Argumentos do Ministério Público
Na petição inicial, o MP-PR argumenta que, mesmo que o juiz não reconheça a união estável, a nomeação permanece comprometida por beneficiamento pessoal. O órgão destaca a pouca idade e a baixa experiência de Victória para exercer a função de chefe de gabinete de um vereador da capital paranaense.
"A ausência de qualificação da requerida Victoria, quando de sua nomeação, consistindo apenas no nível médio de escolaridade, bem como a ausência de experiência prévia na área política, apontam também pelo uso indevido de nomeações a cargos públicos pelo Vereador Eder Borges", afirma trecho da ação.

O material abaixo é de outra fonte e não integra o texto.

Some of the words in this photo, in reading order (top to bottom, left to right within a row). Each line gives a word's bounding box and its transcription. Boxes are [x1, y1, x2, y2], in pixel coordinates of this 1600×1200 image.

Além disso, o Ministério Público ressalta que o gabinete do vereador teria se tornado uma extensão de sua unidade familiar, pois:
- Victória foi nomeada como chefe de gabinete.

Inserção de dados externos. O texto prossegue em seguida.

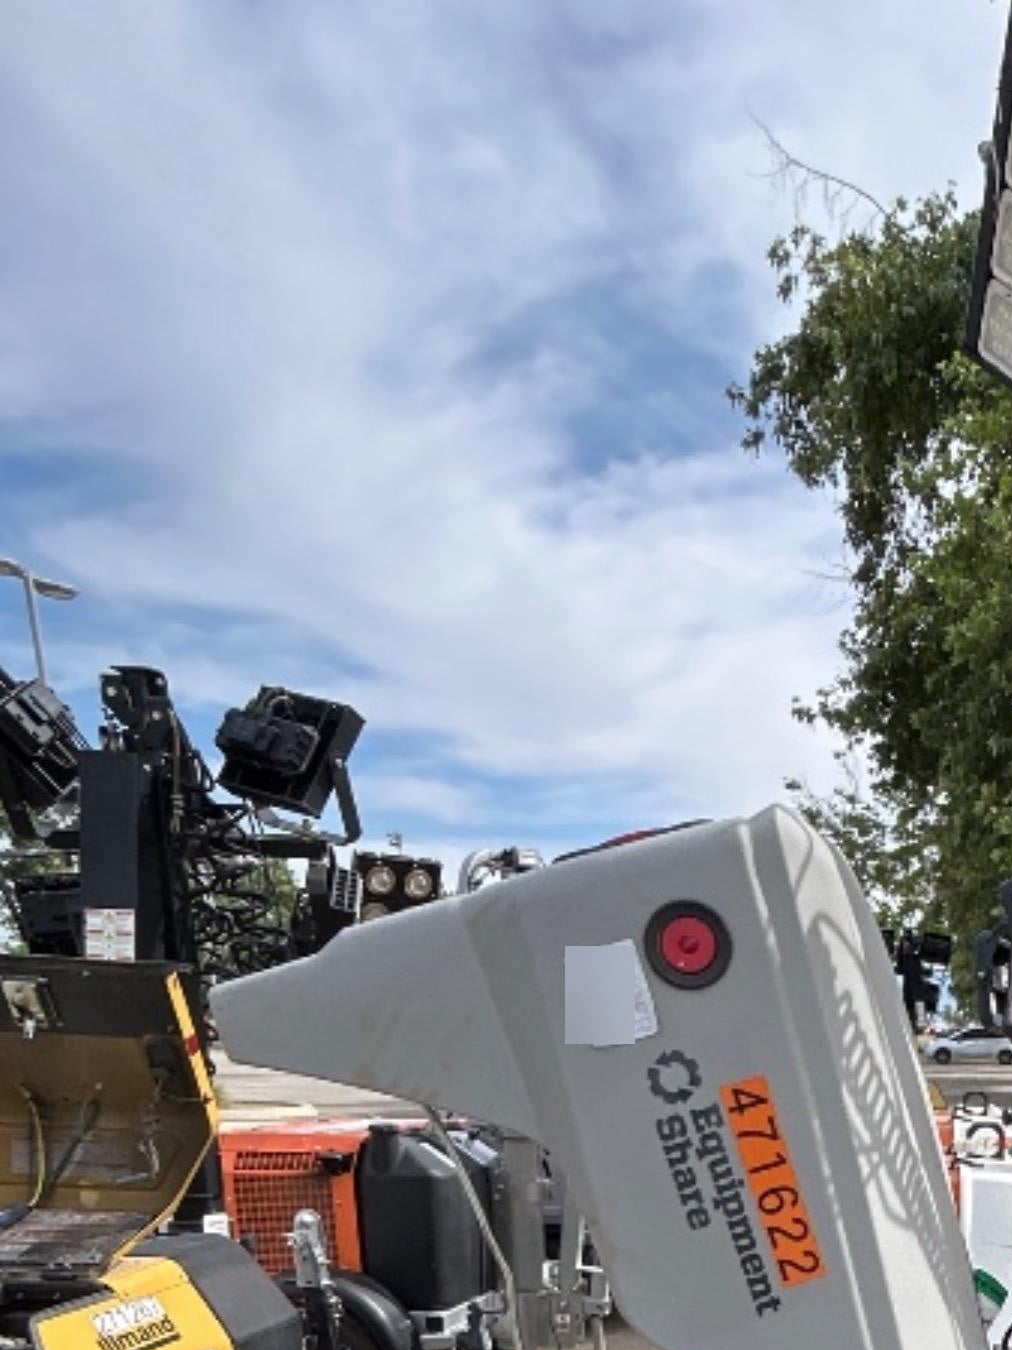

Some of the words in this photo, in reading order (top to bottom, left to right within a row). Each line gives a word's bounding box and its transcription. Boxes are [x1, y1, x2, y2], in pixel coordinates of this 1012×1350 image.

[656, 1112, 711, 1232] Share
[689, 1102, 783, 1318] Equipment
[728, 1086, 821, 1283] 471622

- A namorada do irmão de Victória foi contratada como estagiária.
- O pai de outro filho de Andreia foi nomeado como assessor parlamentar.
Diante da gravidade dos fatos, o MP-PR considerou inviável a celebração de um Acordo de Não Persecução Civil (ANPC). Entre os pedidos formulados na ação, estão:
- O afastamento imediato de Victória Lauren Maciel de Almeida do cargo.
- A condenação dela e do vereador ao pagamento de R$ 493.605,60, equivalente a dois anos de salário recebido por Victória.
Eder Borges e Victória têm um prazo de 30 dias para apresentar sua contestação após a intimação formal.
Defesa do vereador e posicionamento da Câmara
O vereador Eder Borges informou que ainda não foi intimado oficialmente e nega veementemente a prática de nepotismo. Em sua defesa, ele afirmou: "Tive um relacionamento breve, mas enquanto namoro, não como marido ou mulher, nunca fomos casados, nunca sequer houve a intenção de casar e constituir família. Foto em rede social não é prova de nepotismo, uma vez que namoro não configura nepotismo".
Por sua vez, a Câmara Municipal de Curitiba emitiu uma nota informando que adotou todos os procedimentos previstos no atual Código de Ética e Decoro Parlamentar. A instituição reiterou que o processo contra o vereador foi arquivado porque o conselho entendeu não haver documentos suficientes para embasar a denúncia inicial.
O caso segue em tramitação na Justiça, aguardando a manifestação das partes envolvidas e a decisão judicial sobre os pedidos do Ministério Público do Paraná.